* [PATCH] iommu/arm-smmu-v3: add nr_ats_masters to avoid unnecessary operations
@ 2019-08-01 12:20 Zhen Lei
2019-08-12 10:42 ` John Garry
2019-08-14 11:14 ` Will Deacon
0 siblings, 2 replies; 6+ messages in thread
From: Zhen Lei @ 2019-08-01 12:20 UTC (permalink / raw)
To: Jean-Philippe Brucker, John Garry, Robin Murphy, Will Deacon,
Joerg Roedel, linux-arm-kernel, iommu, linux-kernel
Cc: Zhen Lei
When (smmu_domain->smmu->features & ARM_SMMU_FEAT_ATS) is true, even if a
smmu domain does not contain any ats master, the operations of
arm_smmu_atc_inv_to_cmd() and lock protection in arm_smmu_atc_inv_domain()
are always executed. This will impact performance, especially in
multi-core and stress scenarios. For my FIO test scenario, about 8%
performance reduced.
In fact, we can use a atomic member to record how many ats masters the
smmu contains. And check that without traverse the list and check all
masters one by one in the lock protection.

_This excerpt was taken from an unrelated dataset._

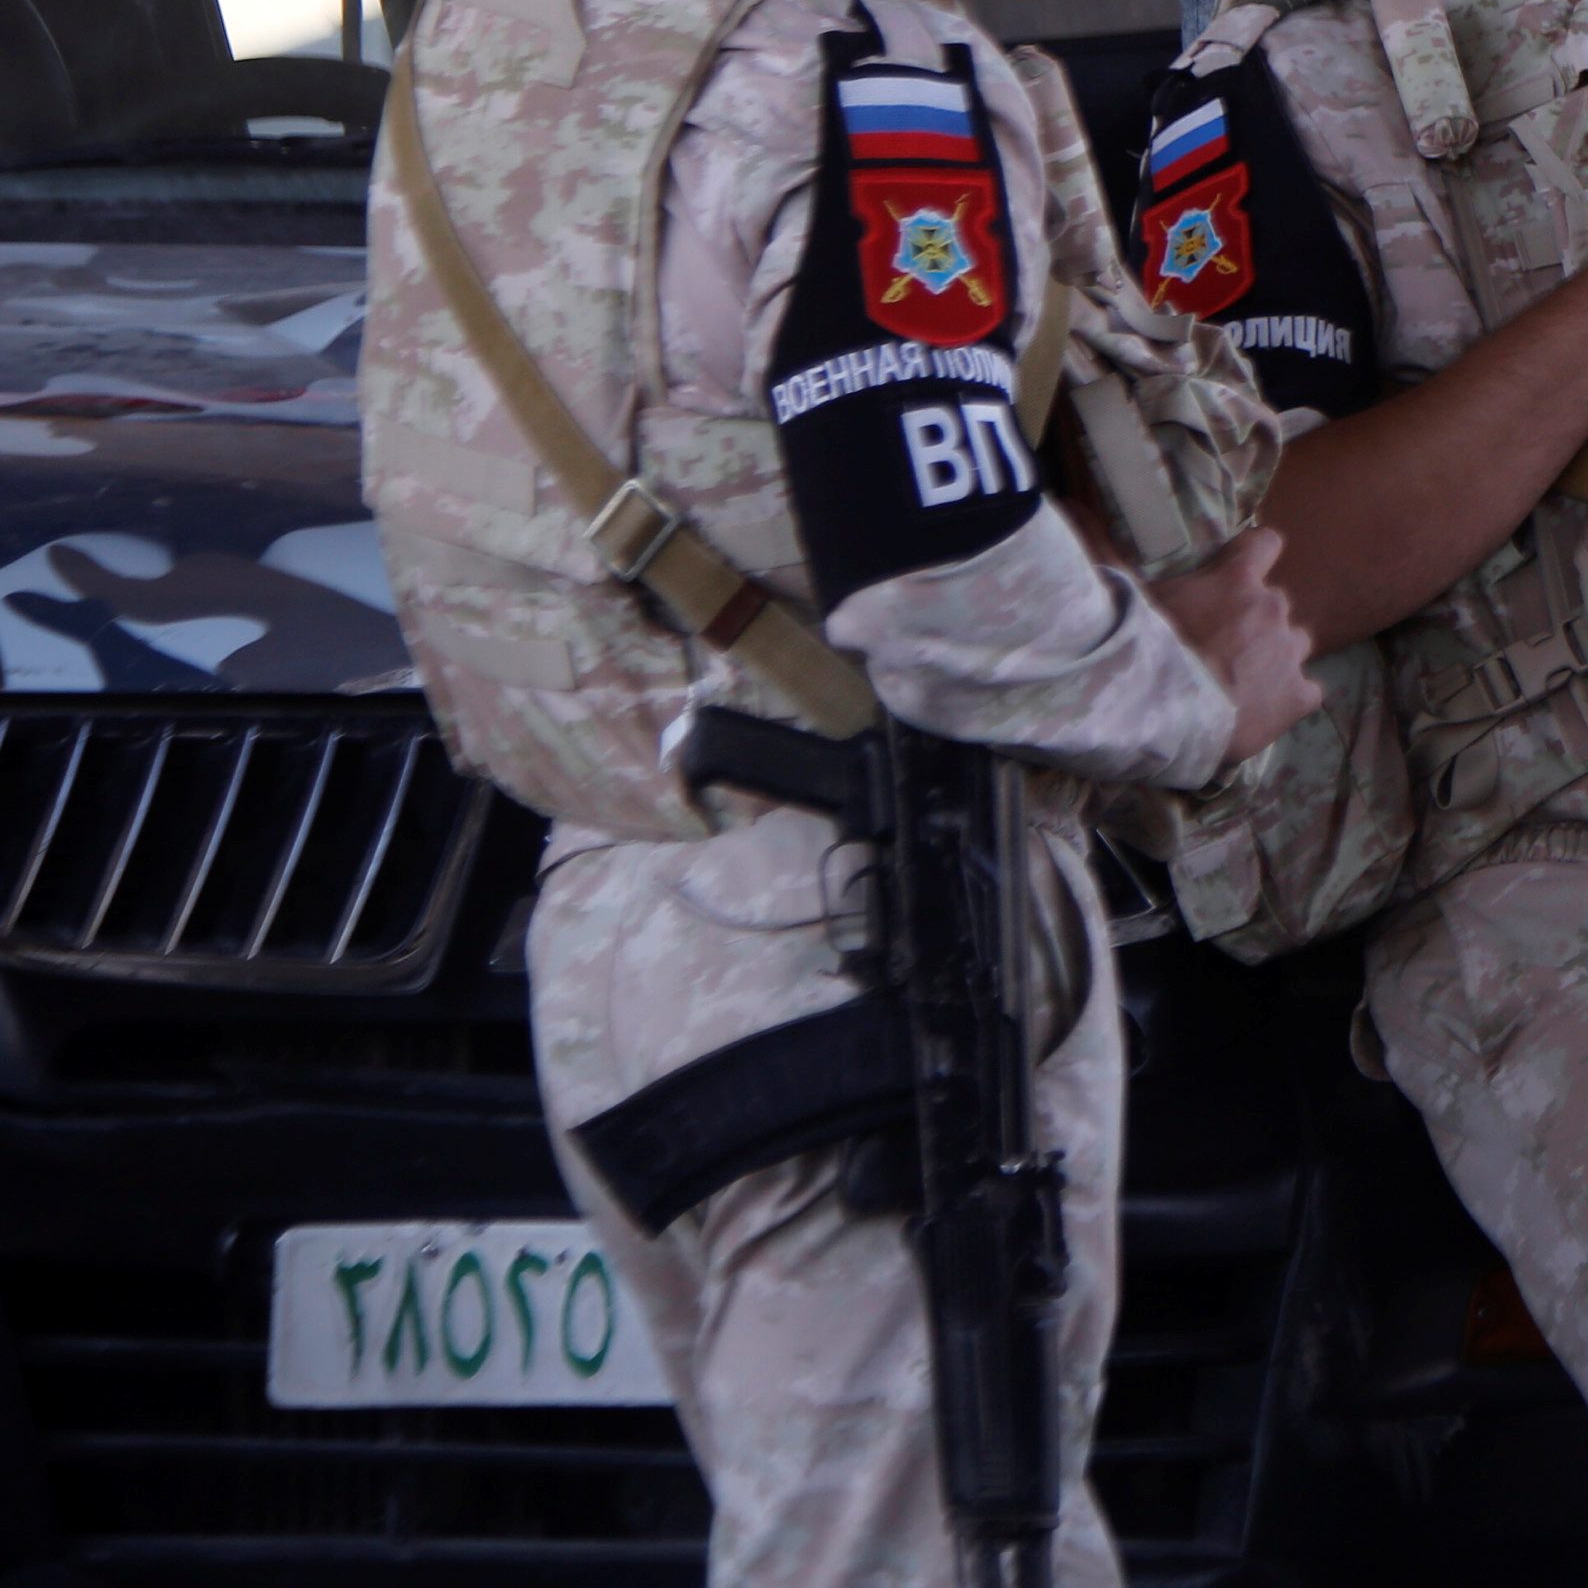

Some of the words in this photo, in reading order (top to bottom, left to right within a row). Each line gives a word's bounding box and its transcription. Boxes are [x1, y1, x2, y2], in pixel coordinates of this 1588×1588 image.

[1223, 314, 1351, 364] ОЛИЦИЯ
[771, 340, 930, 425] ВОЕННАЯ
[901, 404, 1037, 507] ВП

Fixes: 9ce27afc0830 ("iommu/arm-smmu-v3: Add support for PCI ATS")
Signed-off-by: Zhen Lei <thunder.leizhen@huawei.com>
---
drivers/iommu/arm-smmu-v3.c | 10 ++++++++--
1 file changed, 8 insertions(+), 2 deletions(-)
diff --git a/drivers/iommu/arm-smmu-v3.c b/drivers/iommu/arm-smmu-v3.c
index a9a9fabd396804a..1b370d9aca95f94 100644
--- a/drivers/iommu/arm-smmu-v3.c
+++ b/drivers/iommu/arm-smmu-v3.c
@@ -631,6 +631,7 @@ struct arm_smmu_domain {
struct io_pgtable_ops *pgtbl_ops;
bool non_strict;
+ atomic_t nr_ats_masters;
enum arm_smmu_domain_stage stage;
union {
@@ -1531,7 +1532,7 @@ static int arm_smmu_atc_inv_domain(struct arm_smmu_domain *smmu_domain,
struct arm_smmu_cmdq_ent cmd;
struct arm_smmu_master *master;
- if (!(smmu_domain->smmu->features & ARM_SMMU_FEAT_ATS))
+ if (!atomic_read(&smmu_domain->nr_ats_masters))
return 0;
arm_smmu_atc_inv_to_cmd(ssid, iova, size, &cmd);
@@ -1869,6 +1870,7 @@ static int arm_smmu_enable_ats(struct arm_smmu_master *master)
size_t stu;
struct pci_dev *pdev;
struct arm_smmu_device *smmu = master->smmu;
+ struct arm_smmu_domain *smmu_domain = master->domain;
struct iommu_fwspec *fwspec = dev_iommu_fwspec_get(master->dev);
if (!(smmu->features & ARM_SMMU_FEAT_ATS) || !dev_is_pci(master->dev) ||
@@ -1887,12 +1889,15 @@ static int arm_smmu_enable_ats(struct arm_smmu_master *master)
return ret;
master->ats_enabled = true;
+ atomic_inc(&smmu_domain->nr_ats_masters);
+
return 0;
}
static void arm_smmu_disable_ats(struct arm_smmu_master *master)
{
struct arm_smmu_cmdq_ent cmd;
+ struct arm_smmu_domain *smmu_domain = master->domain;
if (!master->ats_enabled || !dev_is_pci(master->dev))
return;
@@ -1901,6 +1906,7 @@ static void arm_smmu_disable_ats(struct arm_smmu_master *master)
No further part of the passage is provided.